Reproduce each line of the data exactly as it is.
┌─ DATASET EXTRACT
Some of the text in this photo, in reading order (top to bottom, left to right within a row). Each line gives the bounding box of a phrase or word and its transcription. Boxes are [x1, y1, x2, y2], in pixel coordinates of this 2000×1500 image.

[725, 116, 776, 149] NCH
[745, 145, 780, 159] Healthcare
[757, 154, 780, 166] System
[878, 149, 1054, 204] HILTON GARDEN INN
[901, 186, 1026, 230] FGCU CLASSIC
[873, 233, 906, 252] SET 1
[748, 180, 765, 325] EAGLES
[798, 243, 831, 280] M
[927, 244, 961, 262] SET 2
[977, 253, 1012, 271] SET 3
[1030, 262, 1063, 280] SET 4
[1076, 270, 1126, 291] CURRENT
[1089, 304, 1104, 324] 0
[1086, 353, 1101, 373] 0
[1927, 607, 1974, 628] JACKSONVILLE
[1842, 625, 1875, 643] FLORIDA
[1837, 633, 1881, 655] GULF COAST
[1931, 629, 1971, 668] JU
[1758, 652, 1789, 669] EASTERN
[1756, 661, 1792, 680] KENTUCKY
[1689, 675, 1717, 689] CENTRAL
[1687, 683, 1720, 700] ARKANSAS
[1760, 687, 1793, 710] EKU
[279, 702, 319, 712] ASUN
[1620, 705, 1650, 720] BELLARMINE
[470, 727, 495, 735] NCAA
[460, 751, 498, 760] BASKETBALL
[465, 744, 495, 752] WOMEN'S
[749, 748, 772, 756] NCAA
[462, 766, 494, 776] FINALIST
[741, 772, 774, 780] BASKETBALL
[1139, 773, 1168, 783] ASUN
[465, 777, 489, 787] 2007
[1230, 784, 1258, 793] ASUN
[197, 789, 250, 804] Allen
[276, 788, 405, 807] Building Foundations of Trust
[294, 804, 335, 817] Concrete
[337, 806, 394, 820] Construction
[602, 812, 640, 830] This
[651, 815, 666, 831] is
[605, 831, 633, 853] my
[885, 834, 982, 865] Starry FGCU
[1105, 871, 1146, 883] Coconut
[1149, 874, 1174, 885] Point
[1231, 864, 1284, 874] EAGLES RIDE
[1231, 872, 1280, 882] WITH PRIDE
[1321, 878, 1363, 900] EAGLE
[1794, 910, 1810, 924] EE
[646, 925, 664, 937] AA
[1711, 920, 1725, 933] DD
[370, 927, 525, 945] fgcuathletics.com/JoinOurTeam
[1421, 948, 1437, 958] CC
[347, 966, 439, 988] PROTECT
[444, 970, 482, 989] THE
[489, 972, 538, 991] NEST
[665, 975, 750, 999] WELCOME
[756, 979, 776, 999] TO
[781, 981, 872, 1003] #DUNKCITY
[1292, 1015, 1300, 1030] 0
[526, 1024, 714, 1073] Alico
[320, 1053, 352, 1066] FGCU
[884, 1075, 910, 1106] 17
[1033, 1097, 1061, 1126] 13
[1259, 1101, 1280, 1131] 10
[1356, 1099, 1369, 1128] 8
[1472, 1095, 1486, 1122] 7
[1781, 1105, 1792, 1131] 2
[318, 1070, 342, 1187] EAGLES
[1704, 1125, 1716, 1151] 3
└─
### ANSWER
Some of the text in this photo, in reading order (top to bottom, left to right within a row). Each line gives the bounding box of a phrase or word and its transcription. Boxes are [x1, y1, x2, y2], in pixel coordinates of this 2000×1500 image.

[725, 116, 776, 149] NCH
[745, 145, 780, 159] Healthcare
[757, 154, 780, 166] System
[878, 149, 1054, 204] HILTON GARDEN INN
[901, 186, 1026, 230] FGCU CLASSIC
[873, 233, 906, 252] SET 1
[748, 180, 765, 325] EAGLES
[798, 243, 831, 280] M
[927, 244, 961, 262] SET 2
[977, 253, 1012, 271] SET 3
[1030, 262, 1063, 280] SET 4
[1076, 270, 1126, 291] CURRENT
[1089, 304, 1104, 324] 0
[1086, 353, 1101, 373] 0
[1927, 607, 1974, 628] JACKSONVILLE
[1842, 625, 1875, 643] FLORIDA
[1837, 633, 1881, 655] GULF COAST
[1931, 629, 1971, 668] JU
[1758, 652, 1789, 669] EASTERN
[1756, 661, 1792, 680] KENTUCKY
[1689, 675, 1717, 689] CENTRAL
[1687, 683, 1720, 700] ARKANSAS
[1760, 687, 1793, 710] EKU
[279, 702, 319, 712] ASUN
[1620, 705, 1650, 720] BELLARMINE
[470, 727, 495, 735] NCAA
[460, 751, 498, 760] BASKETBALL
[465, 744, 495, 752] WOMEN'S
[749, 748, 772, 756] NCAA
[462, 766, 494, 776] FINALIST
[741, 772, 774, 780] BASKETBALL
[1139, 773, 1168, 783] ASUN
[465, 777, 489, 787] 2007
[1230, 784, 1258, 793] ASUN
[197, 789, 250, 804] Allen
[276, 788, 405, 807] Building Foundations of Trust
[294, 804, 335, 817] Concrete
[337, 806, 394, 820] Construction
[602, 812, 640, 830] This
[651, 815, 666, 831] is
[605, 831, 633, 853] my
[885, 834, 982, 865] Starry FGCU
[1105, 871, 1146, 883] Coconut
[1149, 874, 1174, 885] Point
[1231, 864, 1284, 874] EAGLES RIDE
[1231, 872, 1280, 882] WITH PRIDE
[1321, 878, 1363, 900] EAGLE
[1794, 910, 1810, 924] EE
[646, 925, 664, 937] AA
[1711, 920, 1725, 933] DD
[370, 927, 525, 945] fgcuathletics.com/JoinOurTeam
[1421, 948, 1437, 958] CC
[347, 966, 439, 988] PROTECT
[444, 970, 482, 989] THE
[489, 972, 538, 991] NEST
[665, 975, 750, 999] WELCOME
[756, 979, 776, 999] TO
[781, 981, 872, 1003] #DUNKCITY
[1292, 1015, 1300, 1030] 0
[526, 1024, 714, 1073] Alico
[320, 1053, 352, 1066] FGCU
[884, 1075, 910, 1106] 17
[1033, 1097, 1061, 1126] 13
[1259, 1101, 1280, 1131] 10
[1356, 1099, 1369, 1128] 8
[1472, 1095, 1486, 1122] 7
[1781, 1105, 1792, 1131] 2
[318, 1070, 342, 1187] EAGLES
[1704, 1125, 1716, 1151] 3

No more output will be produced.